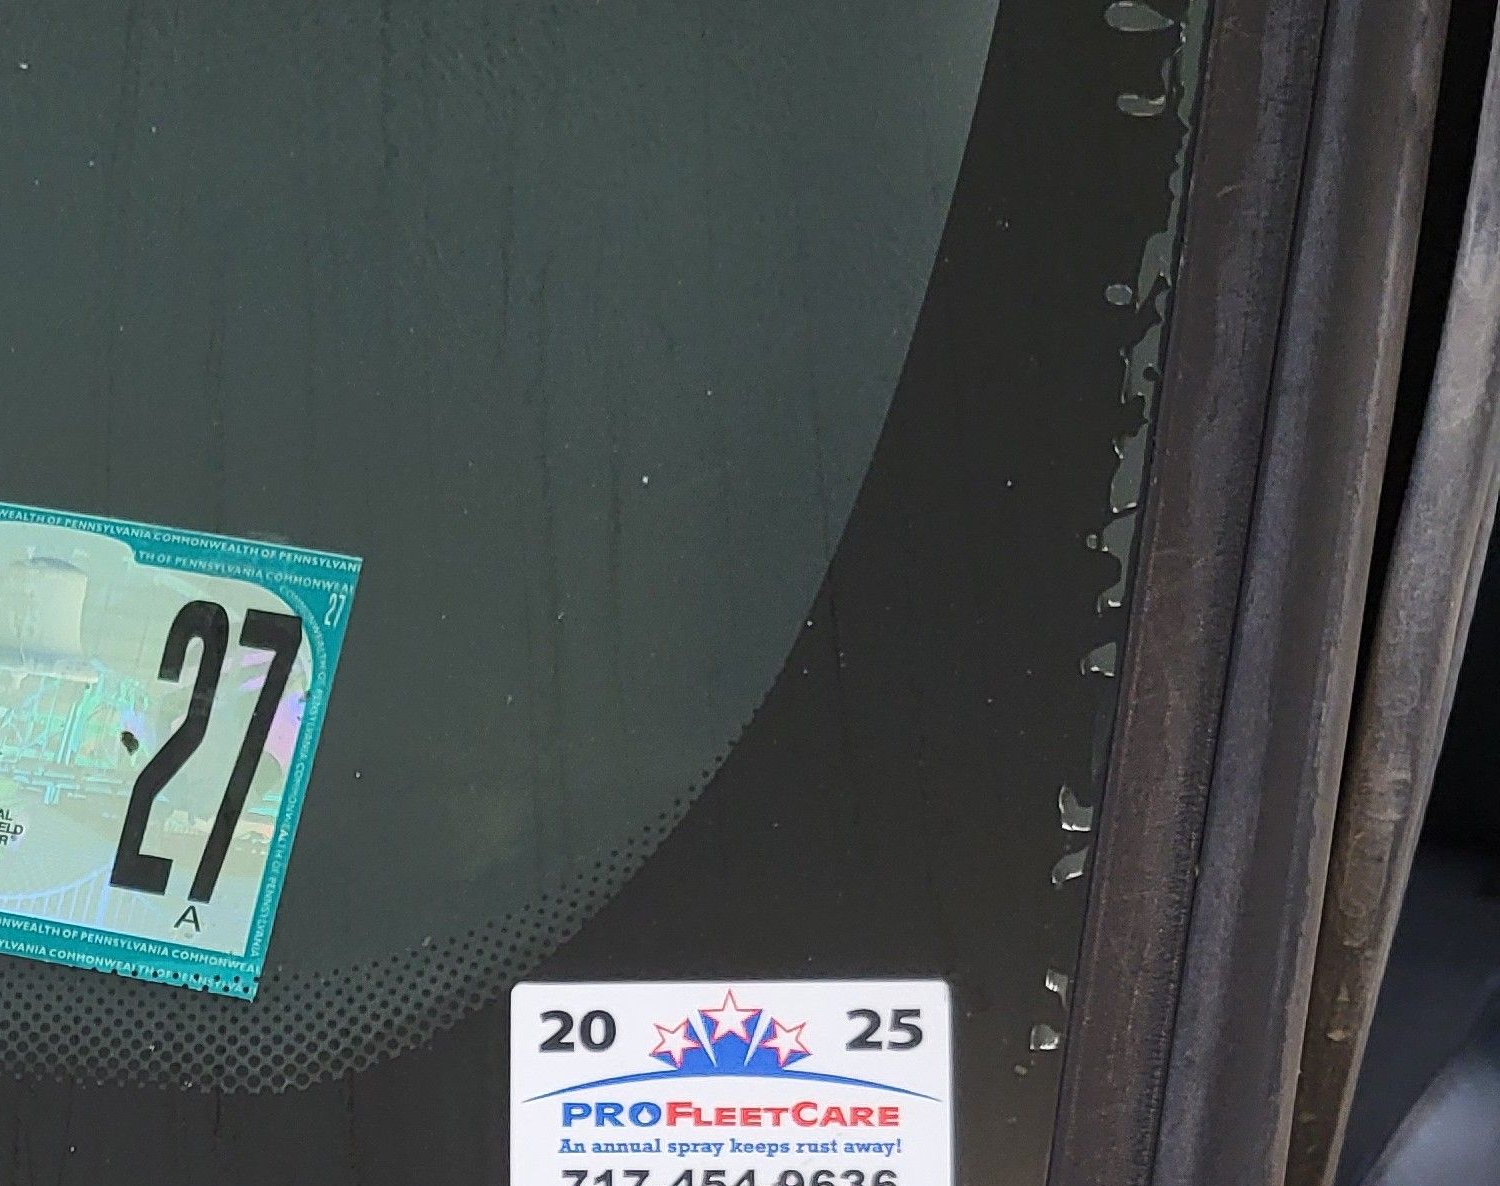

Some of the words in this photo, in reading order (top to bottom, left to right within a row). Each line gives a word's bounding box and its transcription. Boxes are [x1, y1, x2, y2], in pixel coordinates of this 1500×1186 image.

[47, 515, 63, 526] OF
[65, 517, 151, 539] PENNSYLVANIA
[153, 530, 259, 555] COMMONWEALTH
[260, 548, 277, 559] OF
[175, 556, 263, 581] PENNSYLVANIA
[325, 593, 347, 627] 27
[109, 600, 302, 904] 27
[173, 905, 201, 933] A
[62, 928, 79, 939] OF
[80, 931, 169, 957] PENNSYLVANIA
[539, 1009, 617, 1053] 20
[845, 1008, 924, 1052] 25
[558, 1139, 587, 1154] An
[591, 1138, 662, 1154] annual
[667, 1140, 724, 1158] spray
[729, 1138, 791, 1157] keeps
[796, 1139, 839, 1154] rust
[843, 1138, 903, 1158] away!

══════

What you need to do
Write out the data above in full and exactly, but not the pictures.

Output for this exercise
Some of the words in this photo, in reading order (top to bottom, left to right within a row). Each line gives a word's bounding box and its transcription. Boxes are [x1, y1, x2, y2], in pixel coordinates of this 1500×1186 image.

[47, 515, 63, 526] OF
[65, 517, 151, 539] PENNSYLVANIA
[153, 530, 259, 555] COMMONWEALTH
[260, 548, 277, 559] OF
[175, 556, 263, 581] PENNSYLVANIA
[325, 593, 347, 627] 27
[109, 600, 302, 904] 27
[173, 905, 201, 933] A
[62, 928, 79, 939] OF
[80, 931, 169, 957] PENNSYLVANIA
[539, 1009, 617, 1053] 20
[845, 1008, 924, 1052] 25
[558, 1139, 587, 1154] An
[591, 1138, 662, 1154] annual
[667, 1140, 724, 1158] spray
[729, 1138, 791, 1157] keeps
[796, 1139, 839, 1154] rust
[843, 1138, 903, 1158] away!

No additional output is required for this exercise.